WHAT IS NEEDED:
Go through the records and restate them word for word, omitting images.

Data entries:
--- START ---

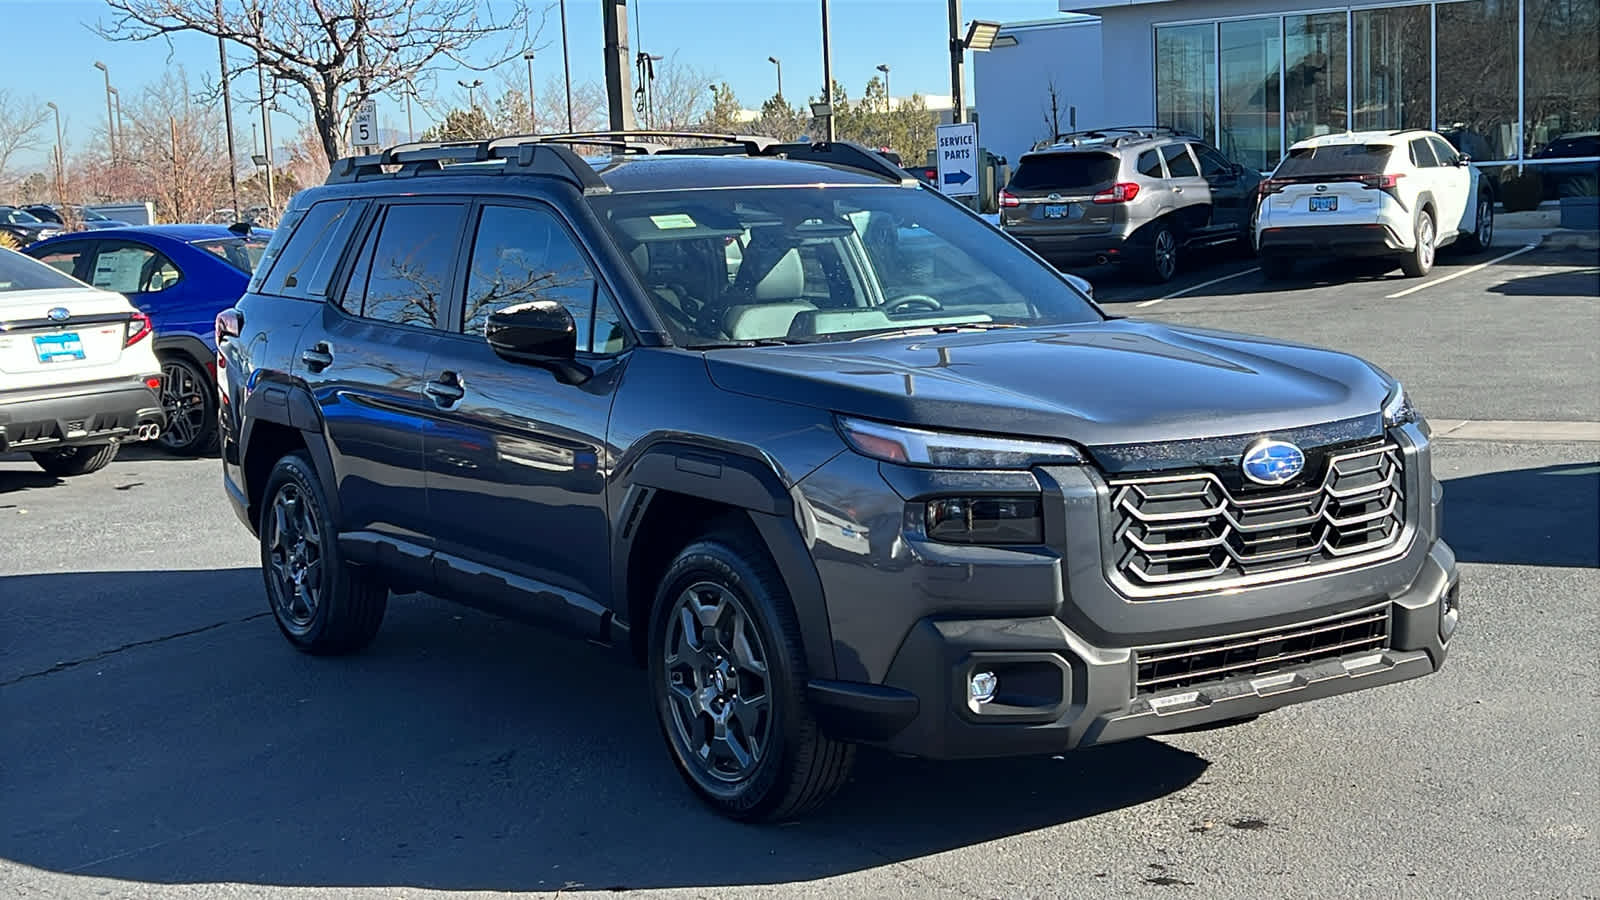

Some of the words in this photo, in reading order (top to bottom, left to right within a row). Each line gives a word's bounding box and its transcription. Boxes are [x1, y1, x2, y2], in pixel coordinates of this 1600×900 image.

[355, 115, 370, 123] LIMIT
[359, 124, 369, 140] 5
[940, 136, 973, 147] SERVICE
[944, 149, 970, 160] PARTS

--- END ---

EXERCISE OUTPUT:
Some of the words in this photo, in reading order (top to bottom, left to right within a row). Each line gives a word's bounding box and its transcription. Boxes are [x1, y1, x2, y2], in pixel coordinates of this 1600×900 image.

[355, 115, 370, 123] LIMIT
[359, 124, 369, 140] 5
[940, 136, 973, 147] SERVICE
[944, 149, 970, 160] PARTS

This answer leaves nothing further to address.